REQUIREMENT
This exercise calls for duplicating every entry below exactly, without the images.

Free-text object descriptions

▬▬▬▬▬▬▬▬▬▬

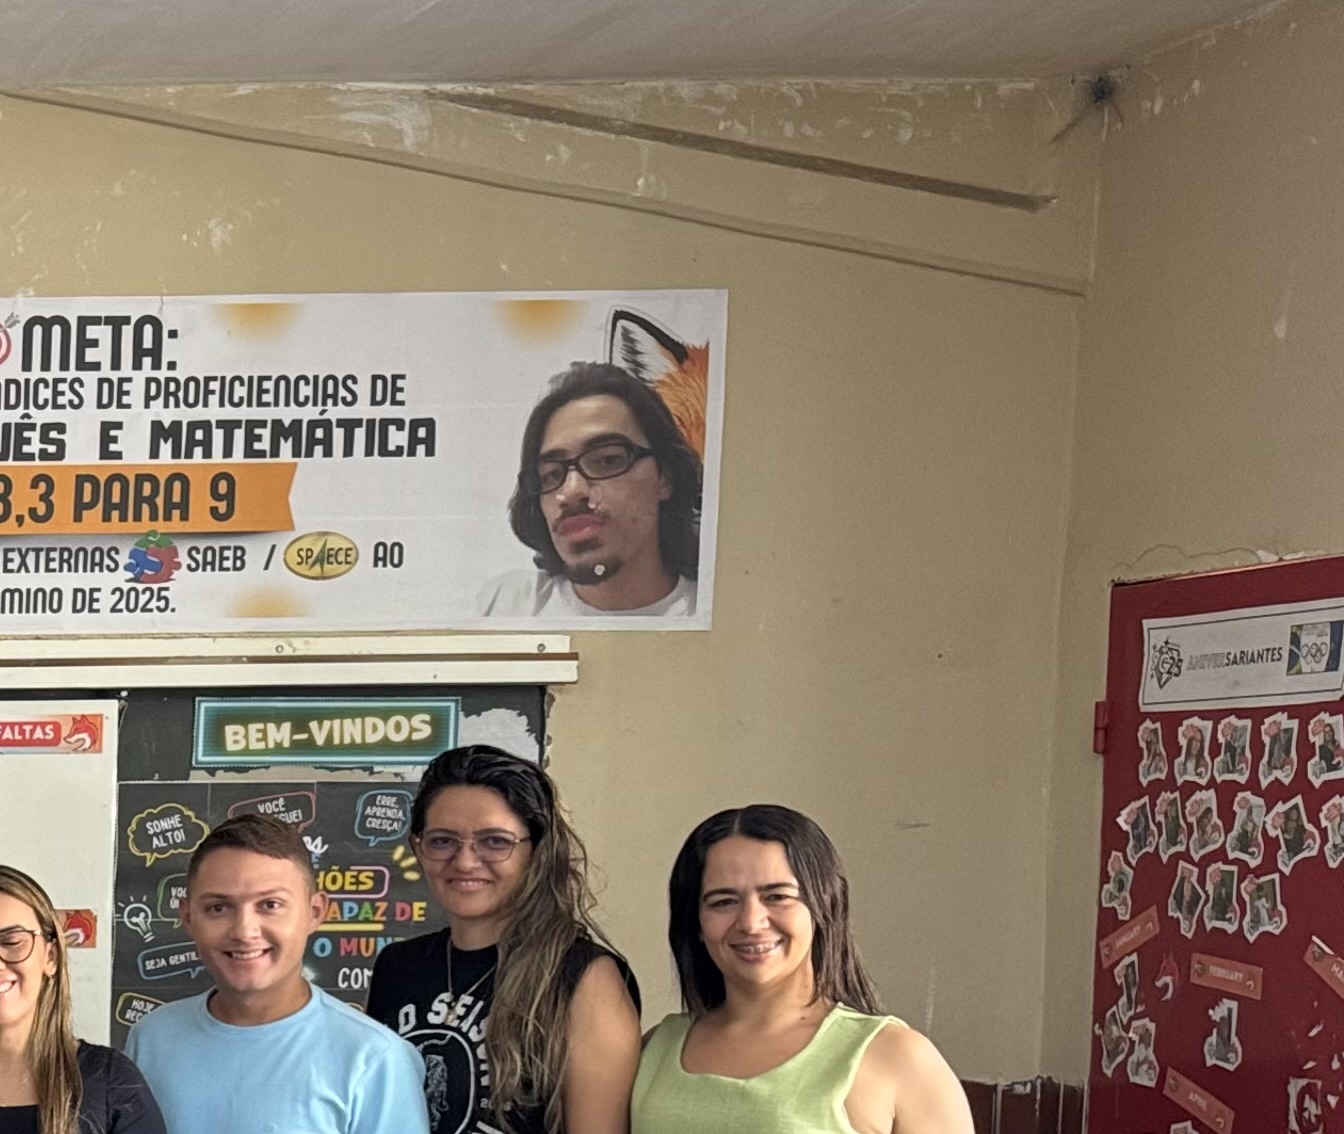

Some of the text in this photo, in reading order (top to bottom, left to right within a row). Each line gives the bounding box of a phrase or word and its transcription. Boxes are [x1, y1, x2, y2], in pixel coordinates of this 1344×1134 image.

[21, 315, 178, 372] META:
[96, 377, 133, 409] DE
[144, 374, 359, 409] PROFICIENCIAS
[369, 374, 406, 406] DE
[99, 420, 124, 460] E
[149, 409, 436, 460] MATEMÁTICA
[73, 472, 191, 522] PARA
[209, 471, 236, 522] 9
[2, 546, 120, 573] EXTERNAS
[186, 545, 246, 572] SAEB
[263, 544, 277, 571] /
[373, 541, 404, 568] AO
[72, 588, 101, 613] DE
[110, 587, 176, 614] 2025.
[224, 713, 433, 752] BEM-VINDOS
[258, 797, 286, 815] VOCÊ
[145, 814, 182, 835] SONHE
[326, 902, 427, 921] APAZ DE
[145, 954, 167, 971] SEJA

▬▬▬▬▬▬▬▬▬▬

ANSWER TO THIS EXERCISE
Some of the text in this photo, in reading order (top to bottom, left to right within a row). Each line gives the bounding box of a phrase or word and its transcription. Boxes are [x1, y1, x2, y2], in pixel coordinates of this 1344×1134 image.

[21, 315, 178, 372] META:
[96, 377, 133, 409] DE
[144, 374, 359, 409] PROFICIENCIAS
[369, 374, 406, 406] DE
[99, 420, 124, 460] E
[149, 409, 436, 460] MATEMÁTICA
[73, 472, 191, 522] PARA
[209, 471, 236, 522] 9
[2, 546, 120, 573] EXTERNAS
[186, 545, 246, 572] SAEB
[263, 544, 277, 571] /
[373, 541, 404, 568] AO
[72, 588, 101, 613] DE
[110, 587, 176, 614] 2025.
[224, 713, 433, 752] BEM-VINDOS
[258, 797, 286, 815] VOCÊ
[145, 814, 182, 835] SONHE
[326, 902, 427, 921] APAZ DE
[145, 954, 167, 971] SEJA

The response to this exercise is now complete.